Monday, August 15, 2016

New Bosses

Everyone who's held a job has had to endure a new boss at one time or another. If you've been alive as long as I have, you see them come and go...sometimes it's good, sometimes not so good.

I work in one of three divisions of a local government agency. When our boss retired, a new guy was promoted to fill the vacant position. But he's not our boss. No, when they decided to promote the new guy, they also decided it would be good to move all three division heads around. So instead of having one guy who doesn't know what he's doing, you now have three guys who don't know what they're doing. Sounds a little like your typical government cluster fuck, doesn't it?

JD is our new boss. Clearly, he feels uncomfortable not knowing what he's doing. Fortunately for him, and, much more importantly, us, he's got a good sense of humor. On the downside, he's a clean freak. This poses a slight problem for our group because we're basically a bunch of pigs. JD's also a Punctuality Nazi...this only poses a problem for The Princess and I. Punctuality is pretty much a foreign word to us. The Princess is young...she can learn to be punctual. Me, I'm an old dog...and I'm not really interested in learning new tricks. It's not that I can't, it's just that I don't wanna.

Our division is in a building separate from the main office where the other divisions are housed. In our departmental universe, our division is Uranus. Pronounced the good old fashioned way...your anus. We like to think of ourselves as The Land of Misfit Toys...the red headed step children, if you will, of our department.
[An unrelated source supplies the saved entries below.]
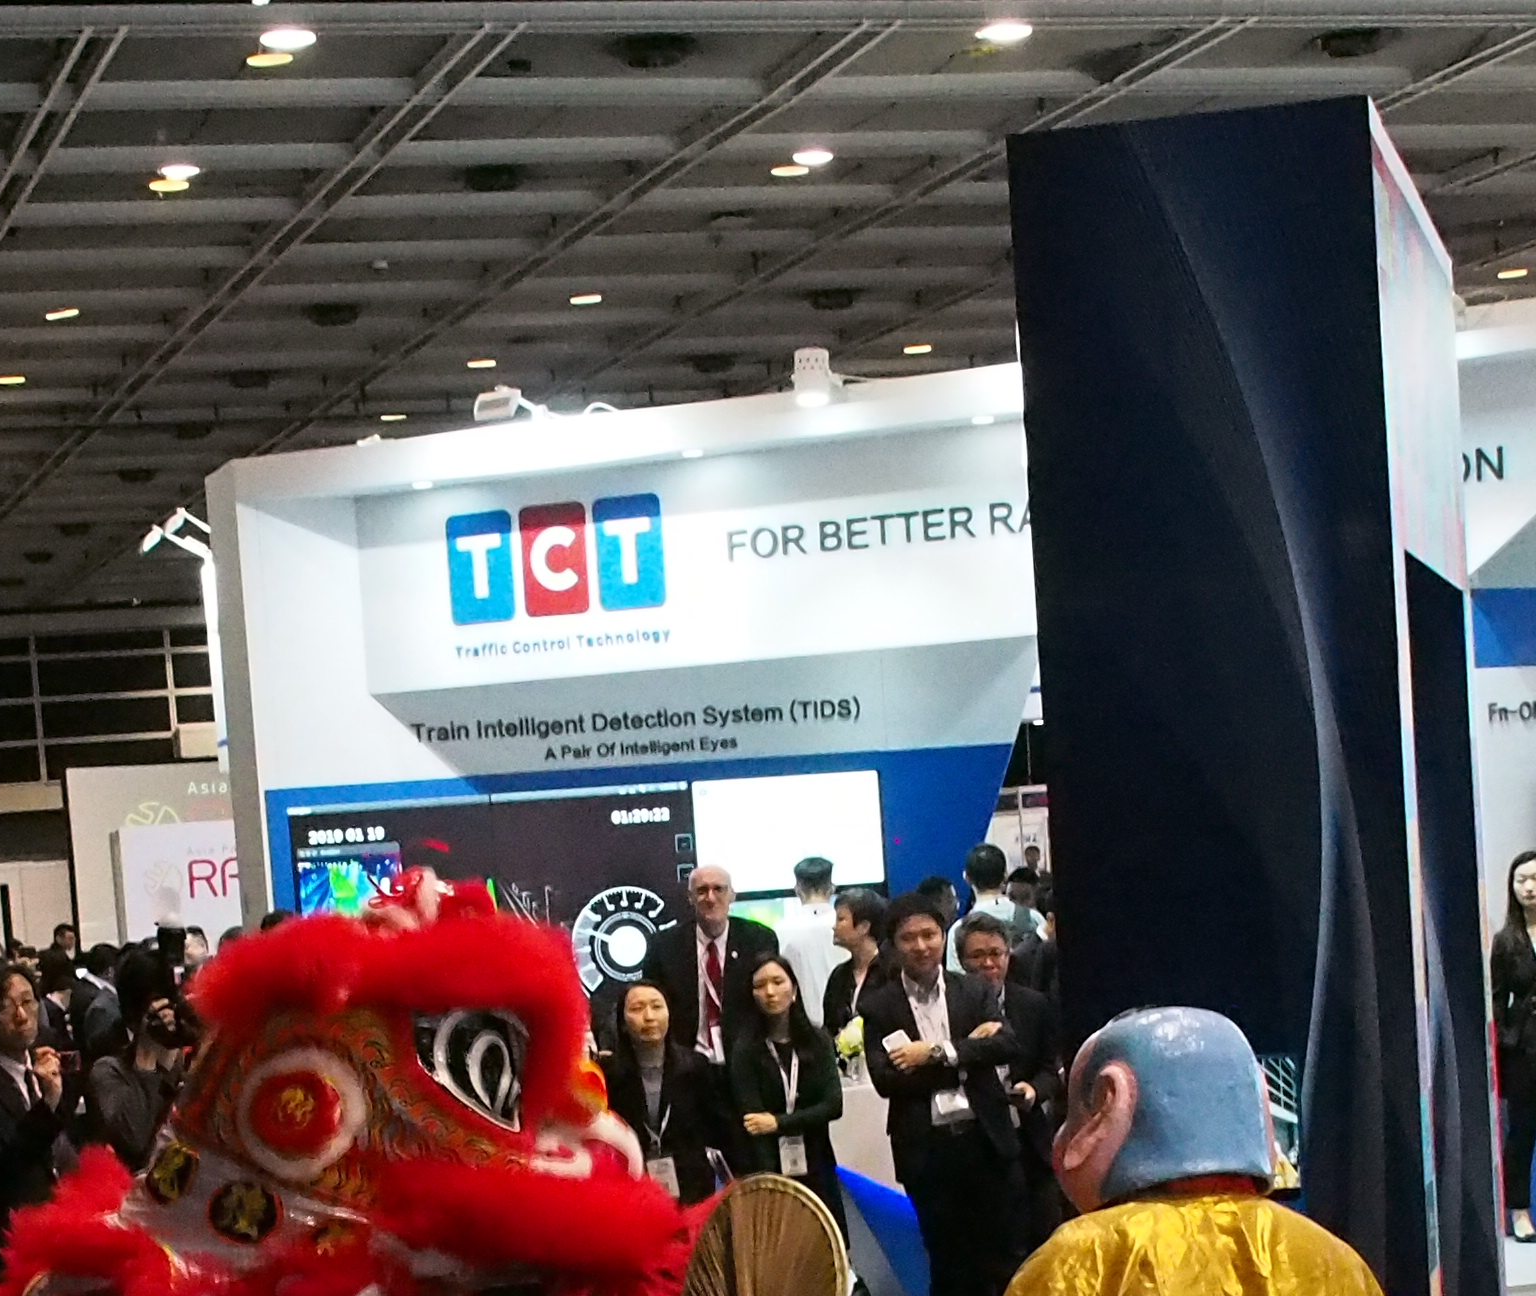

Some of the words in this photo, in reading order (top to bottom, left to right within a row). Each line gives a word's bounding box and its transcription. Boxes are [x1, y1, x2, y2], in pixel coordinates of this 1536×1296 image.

[726, 524, 808, 562] FOR
[818, 506, 977, 552] BETTER
[454, 515, 654, 602] TCT
[456, 643, 508, 660] Traffic
[512, 636, 571, 656] Control
[576, 628, 672, 650] Technology
[411, 723, 470, 743] Train
[476, 712, 585, 740] Intelligent
[592, 708, 696, 733] Detection
[703, 702, 784, 730] System
[789, 696, 862, 723] (TIDS)
[544, 747, 557, 761] A
[563, 744, 591, 760] Pair
[597, 742, 615, 758] Of
[620, 738, 695, 757] Intelligent
[700, 736, 738, 754] Eyes
[187, 781, 229, 795] Asia
Hell, our department wouldn't even spring for a shred bin for our office for ten, count 'em, ten years. The powers that be wanted us to haul banker boxes filled with secret squirrel material to one of the divisions that had shred bins. They were important enough to get shred bins...we weren't.

In defiance, which sounds way better than "because we were lazy", we stacked boxes of stuff that needed to be shredded everywhere. It's wasn't quite bad enough to make the Hoarders show because we still had passable trails. It's just that none of us felt inclined to wreck our backs hauling boxes. Now that JD is there, doing his Mr. Clean impersonation, he's hell bent on making sure all the old shit gets tossed. He likes to have everything neat and orderly looking...which has absolutely no bearing on how fast or correctly work gets done. Just my opinion...
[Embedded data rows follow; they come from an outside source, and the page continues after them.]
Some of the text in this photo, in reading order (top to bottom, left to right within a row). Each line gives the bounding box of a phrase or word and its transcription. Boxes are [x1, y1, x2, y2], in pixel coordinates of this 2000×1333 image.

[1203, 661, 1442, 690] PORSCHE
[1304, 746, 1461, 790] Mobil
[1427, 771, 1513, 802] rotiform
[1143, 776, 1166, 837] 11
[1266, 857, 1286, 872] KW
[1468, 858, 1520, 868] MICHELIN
I'm sure everyone will adjust...eventually. But it seems to me that it would be much easier for JD to adjust to our way of doing things than the other way around. Doesn't it make more sense for one person to change to accommodate ten people than for ten people to have to change to accommodate one? It never seems to work that way, though, does it?

Every time a new sheriff comes to town they're like dogs hiking their legs, wanting to make their mark. They want to fix things that aren't broken. They want to make things "better". Everything can be running smoothly and then Barney Fife comes in and fucks things up.
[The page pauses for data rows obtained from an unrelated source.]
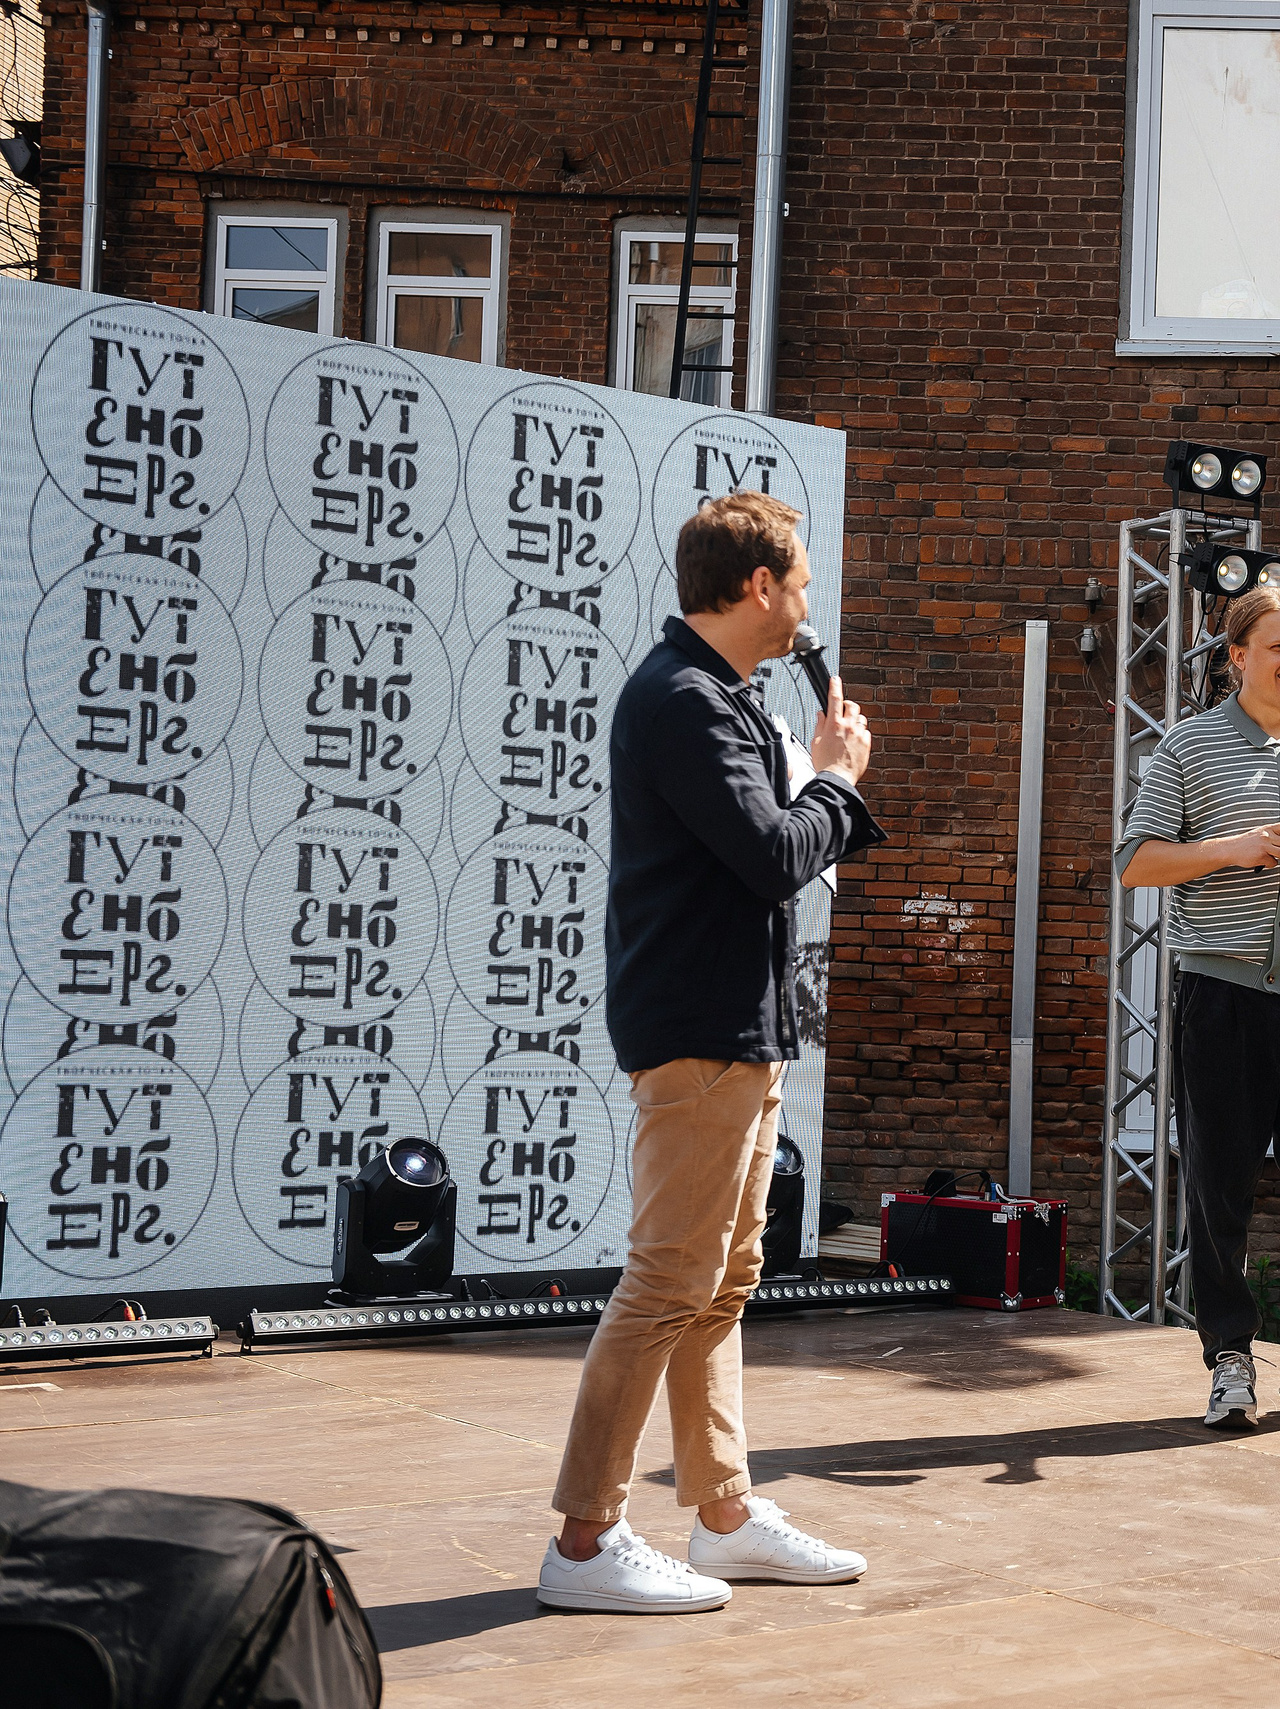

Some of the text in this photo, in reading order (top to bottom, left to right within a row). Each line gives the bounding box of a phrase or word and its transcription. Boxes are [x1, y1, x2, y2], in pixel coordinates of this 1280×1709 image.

[88, 336, 205, 400] ГУТ
[316, 375, 419, 434] ГУТ
[511, 412, 604, 468] ГУТ
[693, 444, 777, 494] ГУТ
[83, 586, 198, 644] ГУТ
[309, 612, 413, 666] ГУТ
[506, 638, 598, 690] ГУТ
[64, 829, 183, 884] ГУТ
[294, 842, 399, 893] ГУТ
[492, 857, 585, 906] ГУТ
[56, 1083, 173, 1138] ГУТ
[285, 1072, 390, 1123] ГУТ
[484, 1086, 578, 1134] ГУТ
Why can't they just leave things alone until they know what they're doing? Then, after they have some small idea in their pea brain of what's going on, fix what needs to be fixed. When they come in and start changing things before that, all they're doing is raising their leg and saying "piss on you" to the employees who, for the last ten years, have been making things work.

These are the same people who, before they became bosses, used to complain about exactly this type of self-important behavior. How is it that once they become "boss" they automatically forget how asinine they used to think this kind of shit was?

There's always going to be room for improvement. It's a government agency for fuck's sake...government agencies aren't usually known for their efficient operations, now are they?

My guess is six months from now, nothing will have changed...with the possible exception of our office being cleaner...it's the stoopidist thing.